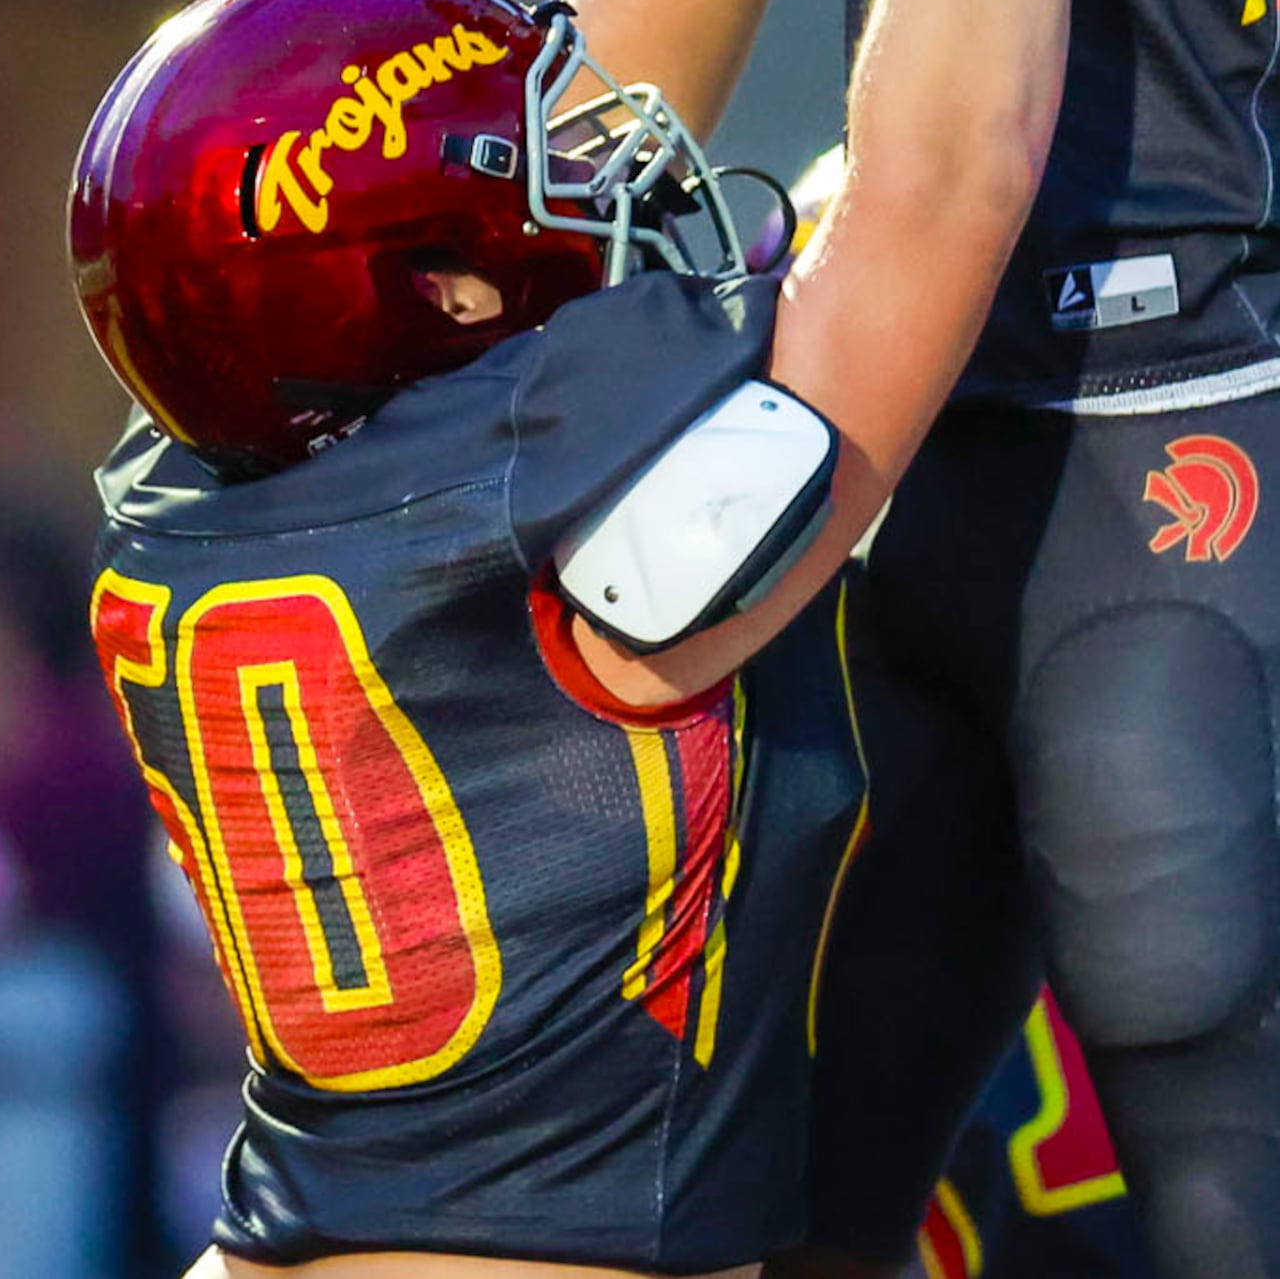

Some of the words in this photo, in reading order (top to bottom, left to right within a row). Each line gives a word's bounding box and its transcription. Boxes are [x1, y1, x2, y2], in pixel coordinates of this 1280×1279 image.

[258, 23, 509, 234] Trojans
[1131, 295, 1146, 312] L
[90, 566, 503, 1093] 50
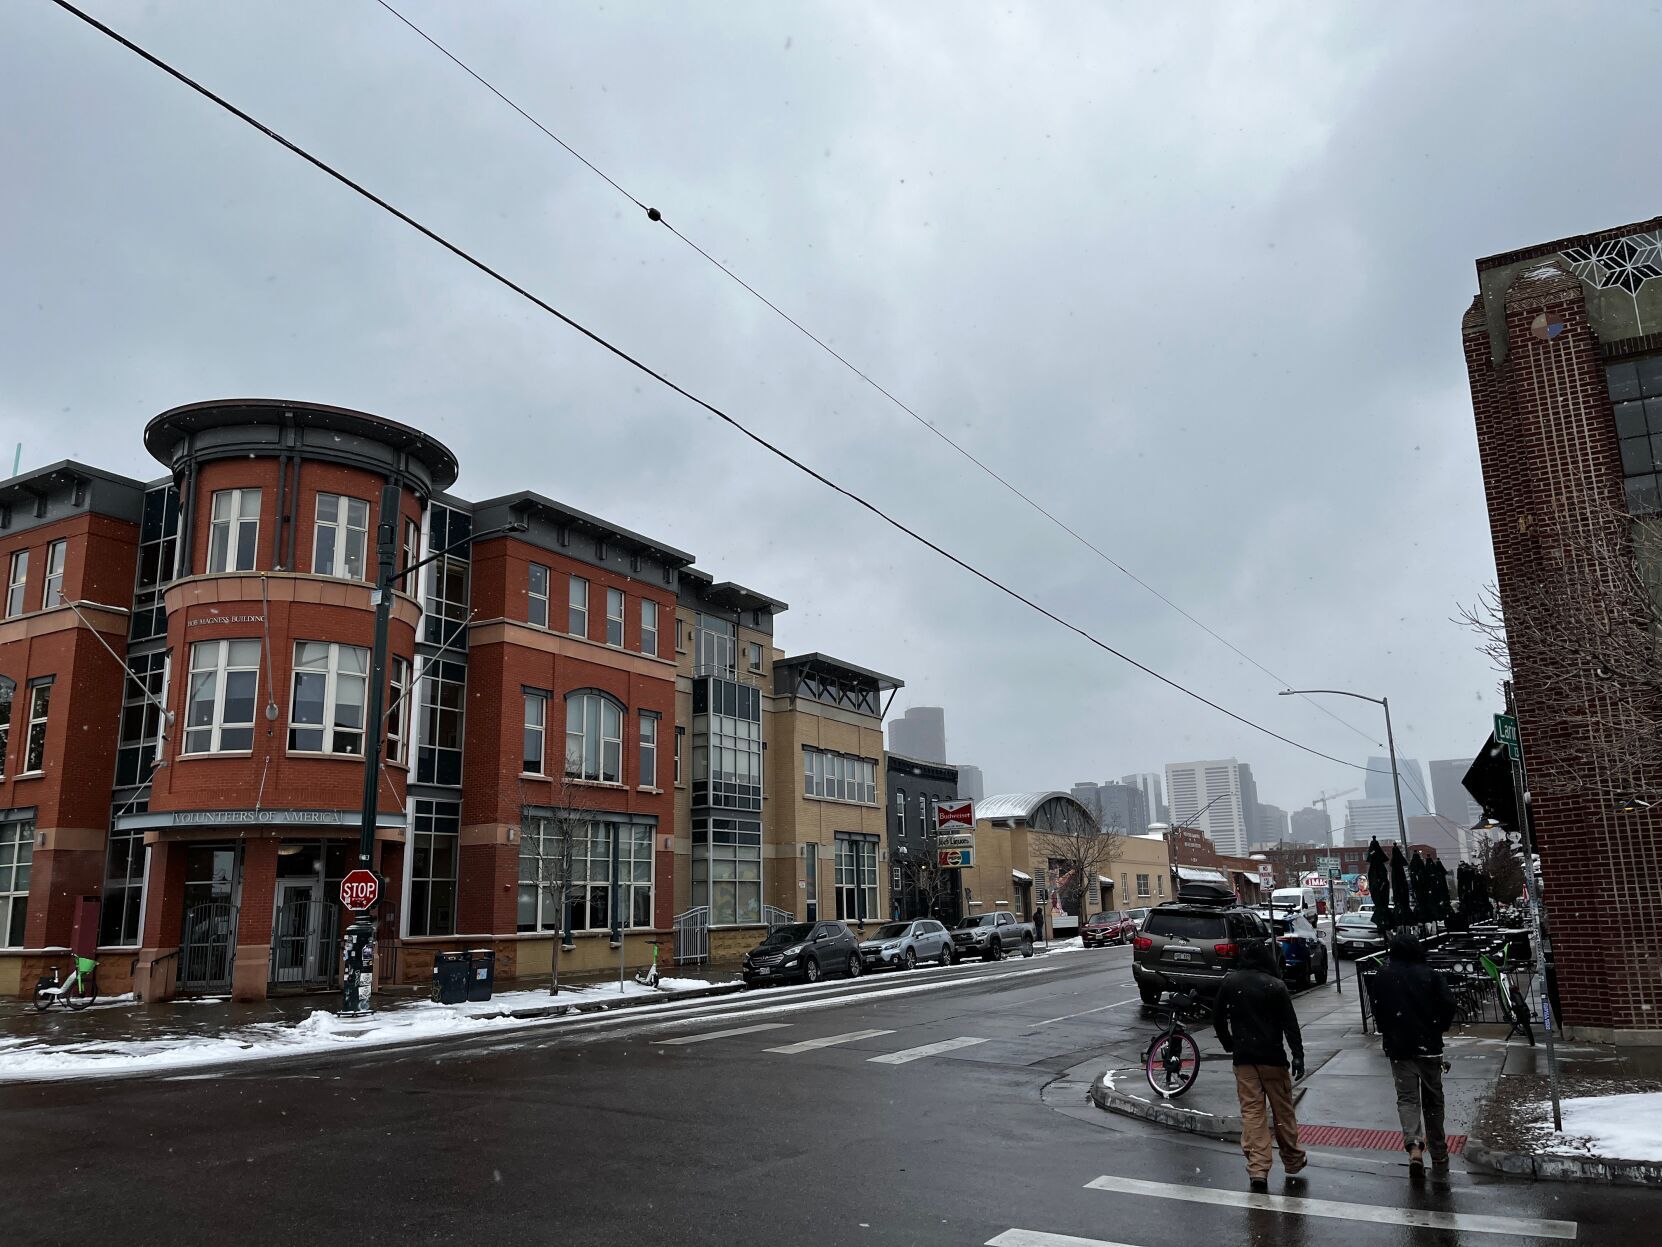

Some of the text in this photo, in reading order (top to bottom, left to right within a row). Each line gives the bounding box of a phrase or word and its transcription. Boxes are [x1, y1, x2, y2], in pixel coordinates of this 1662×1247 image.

[199, 616, 230, 625] MAGNESS
[231, 615, 265, 623] BUILDING
[174, 811, 340, 823] VOLUNTEERS OF AMERICA
[939, 812, 971, 820] Budweiser
[343, 882, 376, 898] STOP

## EXERCISE DESCRIPTION
Give the listing again exactly, minus its images.

## SOLUTION TO THIS PROBLEM
Some of the words in this photo, in reading order (top to bottom, left to right within a row). Each line gives a word's bounding box and its transcription. Boxes are [x1, y1, x2, y2], in pixel coordinates of this 1280×1279 image.

[258, 23, 509, 234] Trojans
[1131, 295, 1146, 312] L
[90, 566, 503, 1093] 50

Some of the text in this photo, in reading order (top to bottom, left to right within a row). Each line gives the bounding box of a phrase or word and its transcription. Boxes are [x1, y1, x2, y2], in pixel coordinates of this 1662×1247 image.

[199, 616, 230, 625] MAGNESS
[231, 615, 265, 623] BUILDING
[174, 811, 340, 823] VOLUNTEERS OF AMERICA
[939, 812, 971, 820] Budweiser
[343, 882, 376, 898] STOP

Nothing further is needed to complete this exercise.